→ Task instructions
In the records below, find the line containing "this 1600×1200 image." and the line containing "this 1464×1464 image."; please repeat exactly the lines from one to the other, both included, and nothing more.

[Excerpts from a dataset]
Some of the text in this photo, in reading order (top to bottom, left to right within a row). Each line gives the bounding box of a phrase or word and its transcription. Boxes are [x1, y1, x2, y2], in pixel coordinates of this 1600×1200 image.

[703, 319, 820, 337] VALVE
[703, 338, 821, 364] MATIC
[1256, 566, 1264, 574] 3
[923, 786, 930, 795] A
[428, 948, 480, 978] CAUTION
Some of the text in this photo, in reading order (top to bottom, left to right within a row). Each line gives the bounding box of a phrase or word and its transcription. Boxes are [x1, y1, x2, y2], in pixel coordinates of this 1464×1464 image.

---

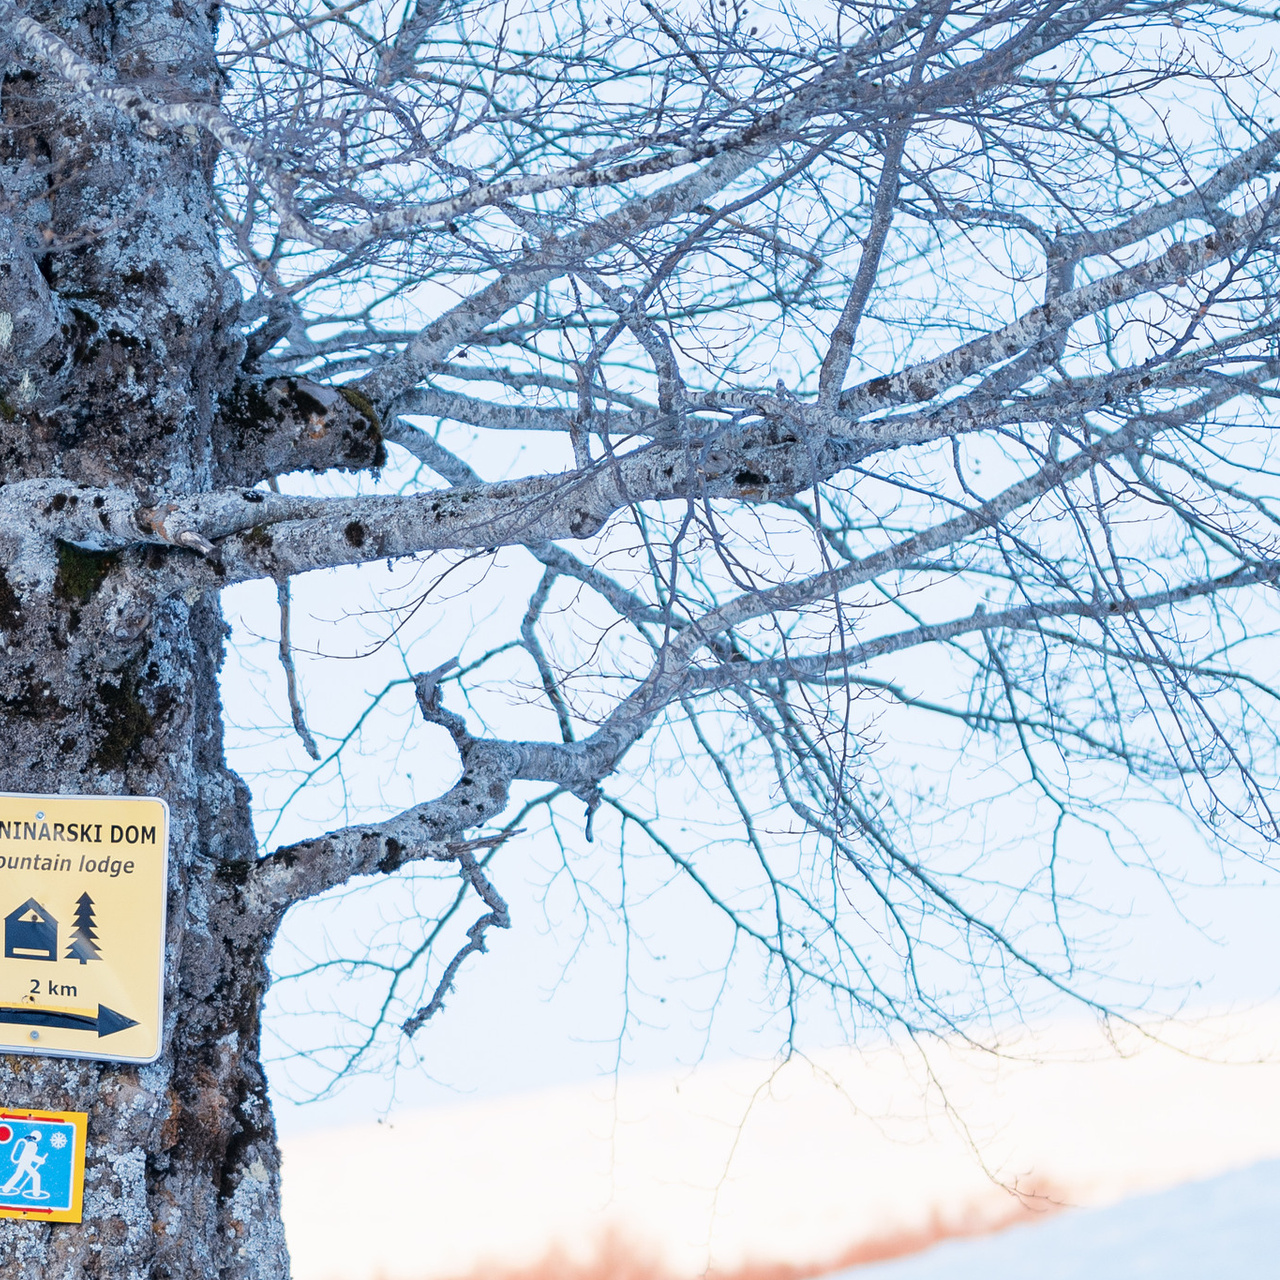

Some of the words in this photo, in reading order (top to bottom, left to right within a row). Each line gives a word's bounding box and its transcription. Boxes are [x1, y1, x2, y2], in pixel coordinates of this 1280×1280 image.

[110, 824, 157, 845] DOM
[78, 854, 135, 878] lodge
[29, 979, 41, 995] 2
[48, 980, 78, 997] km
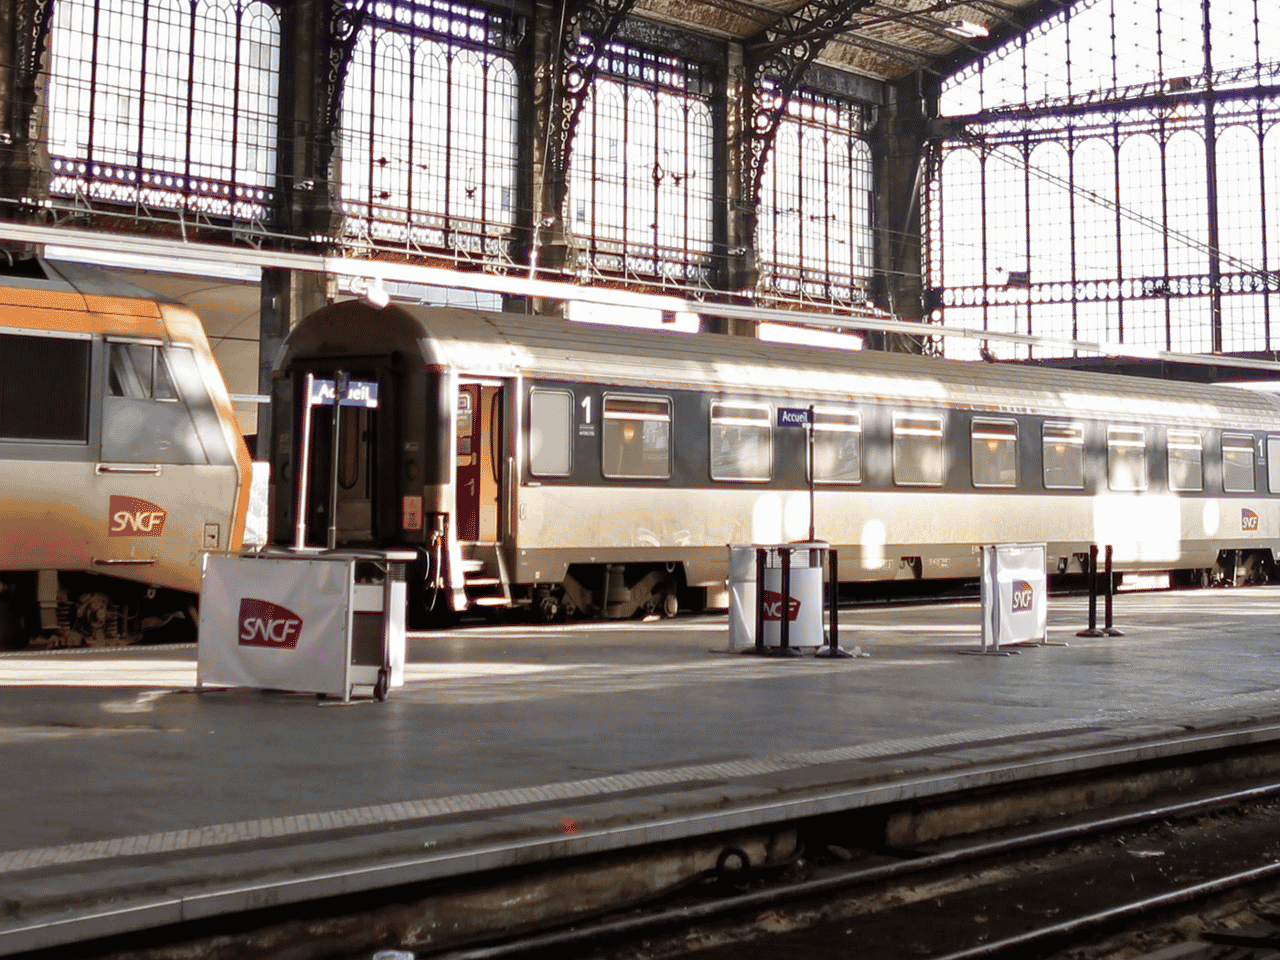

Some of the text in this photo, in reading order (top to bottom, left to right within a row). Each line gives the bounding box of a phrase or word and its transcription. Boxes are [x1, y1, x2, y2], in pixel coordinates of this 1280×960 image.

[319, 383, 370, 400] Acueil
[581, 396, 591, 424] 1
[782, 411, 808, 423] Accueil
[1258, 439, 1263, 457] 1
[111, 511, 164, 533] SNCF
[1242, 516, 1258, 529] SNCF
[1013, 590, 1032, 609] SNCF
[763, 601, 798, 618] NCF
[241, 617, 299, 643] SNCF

→ Response area
Some of the text in this photo, in reading order (top to bottom, left to right within a row). Each line gives the bounding box of a phrase or word and its transcription. Boxes are [x1, y1, x2, y2], in pixel coordinates of this 1600×1200 image.

[703, 319, 820, 337] VALVE
[703, 338, 821, 364] MATIC
[1256, 566, 1264, 574] 3
[923, 786, 930, 795] A
[428, 948, 480, 978] CAUTION
Some of the text in this photo, in reading order (top to bottom, left to right within a row). Each line gives the bounding box of a phrase or word and its transcription. Boxes are [x1, y1, x2, y2], in pixel coordinates of this 1464×1464 image.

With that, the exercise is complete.